> [The task] A word-for-word copy of the entries is the goal; leave out the pictures.

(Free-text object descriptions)
--------------------

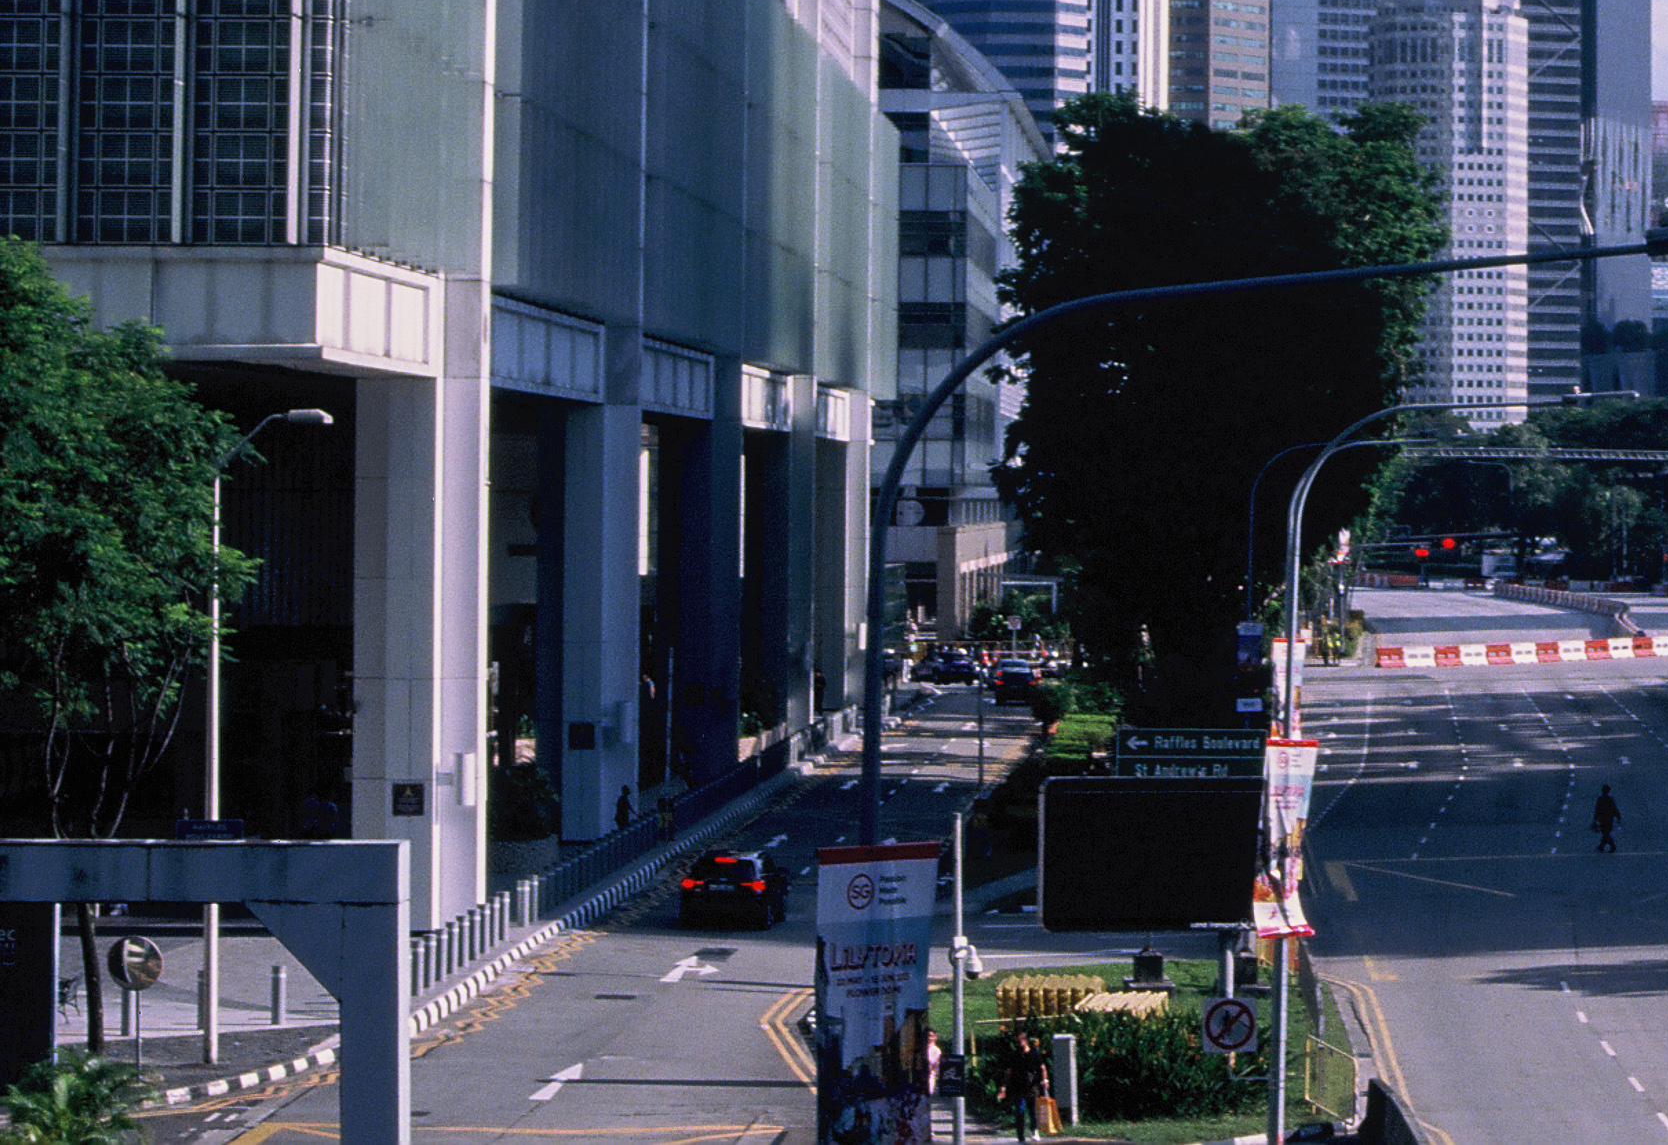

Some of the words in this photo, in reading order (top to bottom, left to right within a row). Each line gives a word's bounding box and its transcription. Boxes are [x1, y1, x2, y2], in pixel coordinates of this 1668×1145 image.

[1153, 735, 1198, 750] Raffles
[1202, 735, 1261, 750] Boulevard
[1134, 763, 1149, 777] St
[1153, 763, 1208, 777] Andrew's
[1212, 763, 1229, 777] Rd
[851, 885, 871, 899] SG

--------------------

> [Exercise output]
Some of the words in this photo, in reading order (top to bottom, left to right within a row). Each line gives a word's bounding box and its transcription. Boxes are [x1, y1, x2, y2], in pixel coordinates of this 1668×1145 image.

[1153, 735, 1198, 750] Raffles
[1202, 735, 1261, 750] Boulevard
[1134, 763, 1149, 777] St
[1153, 763, 1208, 777] Andrew's
[1212, 763, 1229, 777] Rd
[851, 885, 871, 899] SG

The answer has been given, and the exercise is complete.